Molecules. 2023 Sep 28;28(19):6860. doi: 10.3390/molecules28196860.
Lonicerae japonicae flos and Lonicerae flos are increasingly widely used in food and traditional medicine products around the world. Due to their high demand and similar appearance, they are often used in a confused or adulterated way; therefore, a rapid and comprehensive analytical method is highly required. In this case, the comparative analysis of a total of 100 samples with different species, growth modes, and processing methods was carried out by nuclear magnetic resonance (H-NMR) spectroscopy and chemical pattern recognition analysis. The obtained H-NMR spectrums were employed by principal component analysis (PCA), partial least-squares discriminant analysis (PLS-DA), orthogonal partial least-squares discriminant analysis (OPLS-DA), and linear discriminant analysis (LDA). Specifically, after the dimensionality reduction of data, linear discriminant analysis (LDA) exhibited good classification abilities for the species, growth modes, and processing methods. It is worth noting that the sample prediction accuracy from the testing set and the cross-validation predictions of the LDA models were higher than 95.65% and 98.1%, respectively. In addition, the results showed that macranthoidin A, macranthoidin B, and dipsacoside B could be considered as the main differential components of Lonicerae japonicae flos and Lonicerae Flos, while secoxyloganin, secologanoside, and sweroside could be responsible for distinguishing cultivated and wild Lonicerae japonicae Flos. Accordingly, H-NMR spectroscopy combined with chemical pattern recognition gives a comprehensive overview and provides new insight into the quality control and evaluation of Lonicerae japonicae flos.
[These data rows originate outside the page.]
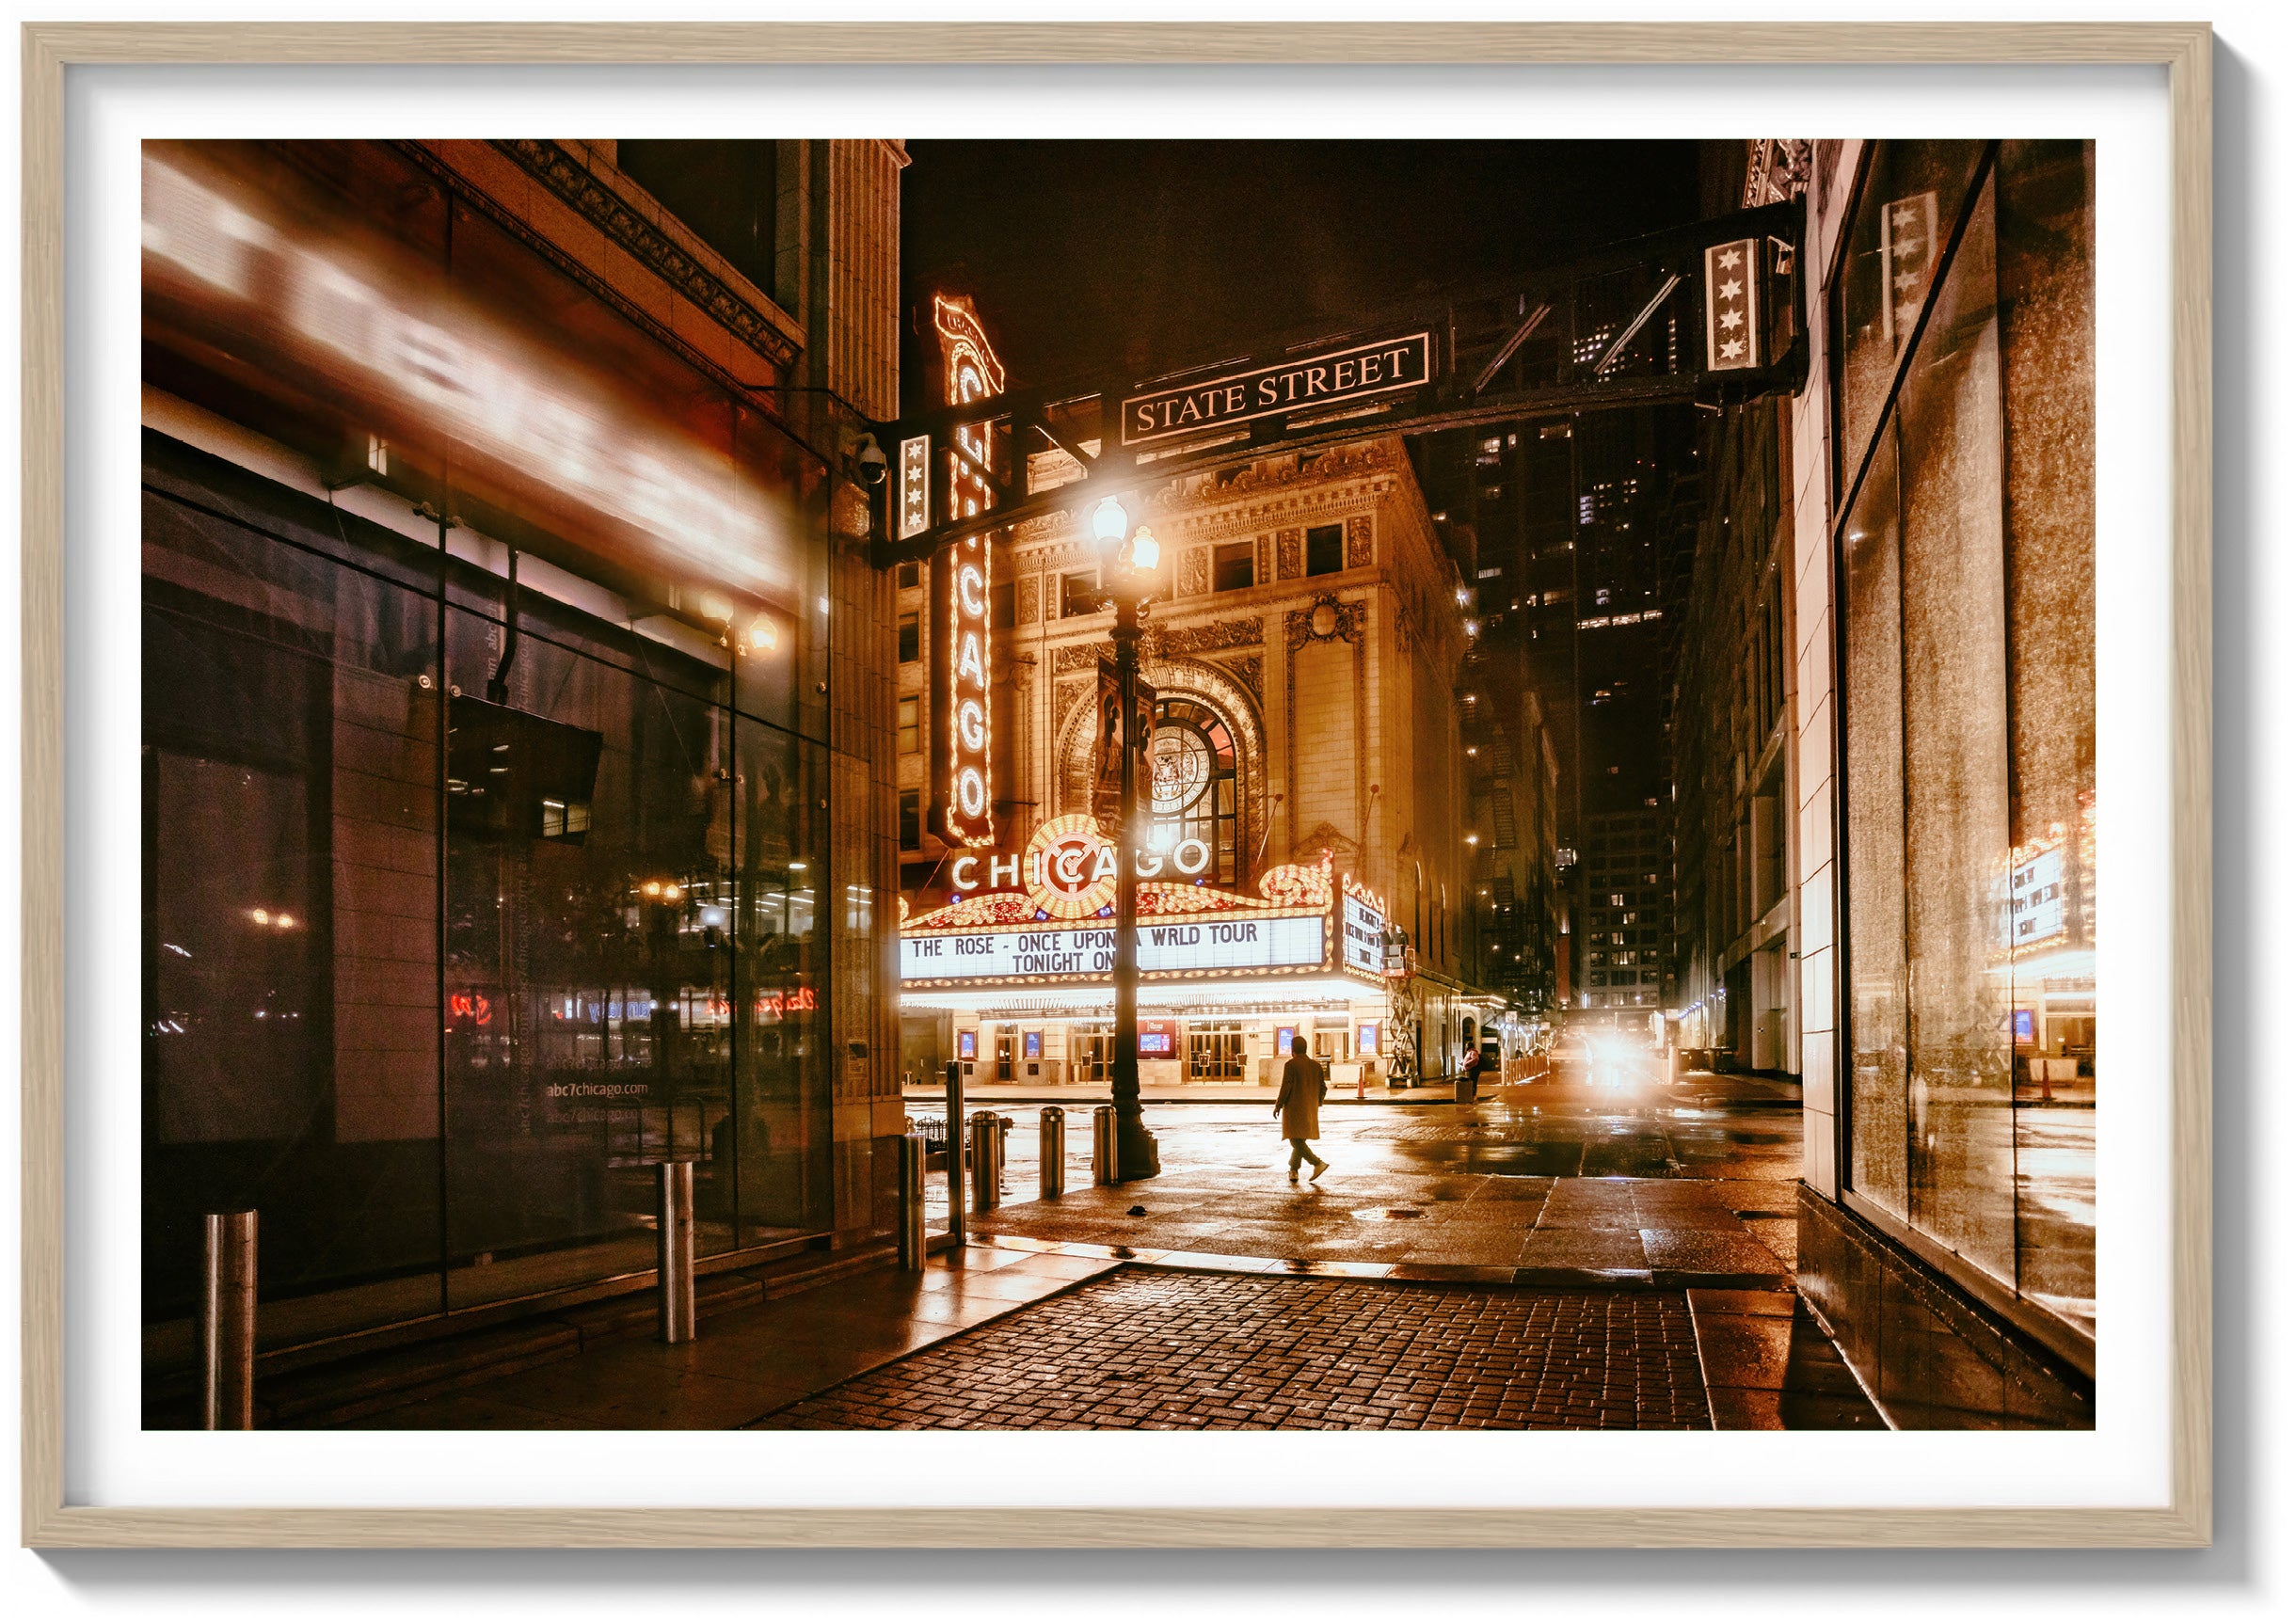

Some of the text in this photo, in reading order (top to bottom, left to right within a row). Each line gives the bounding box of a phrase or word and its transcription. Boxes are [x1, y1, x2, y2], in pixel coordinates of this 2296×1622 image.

[1137, 347, 1410, 432] STATE STREET
[951, 838, 1210, 889] CHICAGO
[913, 939, 943, 958] THE
[955, 937, 995, 955] ROSE
[1018, 933, 1061, 952] ONCE
[1073, 930, 1117, 949] UPON
[1151, 927, 1200, 946] WRLD
[1208, 923, 1258, 945] TOUR
[1012, 952, 1083, 973] TONIGHT
[547, 1082, 648, 1100] abc7chicago.com
金银花和山银花在全球范围内的食品和传统医药产品中越来越广泛地使用。由于需求量大且外观相似,它们经常被混淆或掺假使用;因此,非常需要一种快速而全面的分析方法。在这种情况下,通过核磁共振(H-NMR)光谱和化学模式识别分析对总共 100 个具有不同物种、生长方式和加工方法的样本进行了比较分析。所获得的 H-NMR 光谱通过主成分分析(PCA)、偏最小二乘判别分析(PLS-DA)、正交偏最小二乘判别分析(OPLS-DA)和线性判别分析(LDA)进行分析。具体来说,在对数据进行降维后,线性判别分析(LDA)对物种、生长方式和加工方法具有良好的分类能力。值得注意的是,来自测试集的样本预测准确性和 LDA 模型的交叉验证预测准确性均高于 95.65%和 98.1%。此外,结果表明,马钱苷 A、马钱苷 B 和胡芦巴皂苷 B 可以被认为是金银花和山银花的主要差异成分,而三叶豆苷、木兰花苷和瑞香苷可能是区分栽培和野生金银花的原因。因此,H-NMR 光谱结合化学模式识别为金银花的质量控制和评价提供了全面的概述和新的见解。